Когда нам может понадобиться архаизировать текст? Нам это может понадобиться либо в ситуации, когда от текста нас отделяет какое-то временное расстояние, и в этом случае перевод нужно стилизовать под определённую эпоху, либо когда сам текст — пусть даже современный — написан архаичным стилем.

*

Архаизация — не такая очевидная вещь, как кажется. В западной теории и практике перевода вообще ставится вопрос о том, нужно ли это делать. И аргументы в пользу того, чтобы этого не делать, выглядят достаточно убедительно.

Скажем, пишет Диккенс свой роман. Он его пишет на языке, на котором говорили его современники, которым он сам пользовался в быту и который звучал для его времени и для его читателей совершенно естественно. Почему современный читатель, открывая перевод, должен продираться через искусственно состаренный язык, который Диккенс в виду не имел?

*

На этом месте переводчик должен выбрать ту иллюзию, которую он хочет создать. Он хочет, чтобы читатель воспринимал роман Диккенса так, как будто Диккенс его современник? Или так, как его воспринимает современный англичанин, которого от Диккенса отделяют 150 лет? Или ещё как-нибудь?

*

Поскольку роман 19 века всё равно будет каждой строчкой кричать о том, что он 19 века, самый минимум, который вы можете сделать для читателя — это не употреблять слишком современных слов и выражений, чтобы читатель у вас не прыгал в 21 век прямо из викторианской гостиной.

Простая сдержанность языка приблизит к нам героев, но не помешает воспринимать их как людей другой эпохи — мы всё равно будем считывать это по тому, какие предметы их окружают, как они смотрят на мир, что они считают «можно» и что «нельзя».

*

Интересно, что литература гораздо больше зависит от рамок, ограничений и запретов, чем живая жизнь.

В мейнстримной литературе 19 века вы не найдёте ни одного романа, в котором женщина, уйдя от мужа, осталась жива и счастлива. Как бы не так. Если она ушла от мужа, она должна умереть и что-нибудь такое покаянное прошептать на смертном одре (как вариант, броситься под поезд).

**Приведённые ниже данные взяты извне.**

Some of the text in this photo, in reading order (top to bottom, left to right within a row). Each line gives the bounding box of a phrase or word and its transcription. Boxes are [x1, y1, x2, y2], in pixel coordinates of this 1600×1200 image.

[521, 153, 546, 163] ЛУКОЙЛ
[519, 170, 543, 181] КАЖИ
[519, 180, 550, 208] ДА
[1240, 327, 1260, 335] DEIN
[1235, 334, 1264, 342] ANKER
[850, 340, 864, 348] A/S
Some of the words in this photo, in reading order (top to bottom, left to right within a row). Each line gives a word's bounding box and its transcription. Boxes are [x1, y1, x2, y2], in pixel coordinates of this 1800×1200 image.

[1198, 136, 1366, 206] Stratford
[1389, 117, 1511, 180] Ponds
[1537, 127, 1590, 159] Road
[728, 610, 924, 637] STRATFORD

Но если вы возьметесь изучать биографии писательниц, которые писали эти самые романы, вы с удивлением обнаружите, что, например, Джордж Элиот, у которой героиня, полюбив другого мужчину, мучается и не может к нему уйти, потому что она замужем (но потом её муж, к счастью, помирает, — и вот тогда…), сама прекрасно жила с женатым человеком вне брака и была с ним счастлива. Она могла себе это позволить в жизни, но её героини в литературе этого себе позволить не могли.

На этих запретах очень любят играть стилизаторы, использующие стиль определенной эпохи, чтобы на его фоне намеренно и грамотно разбить читательские ожидания (см. «Любовницу французского лейтенанта» Фаулза).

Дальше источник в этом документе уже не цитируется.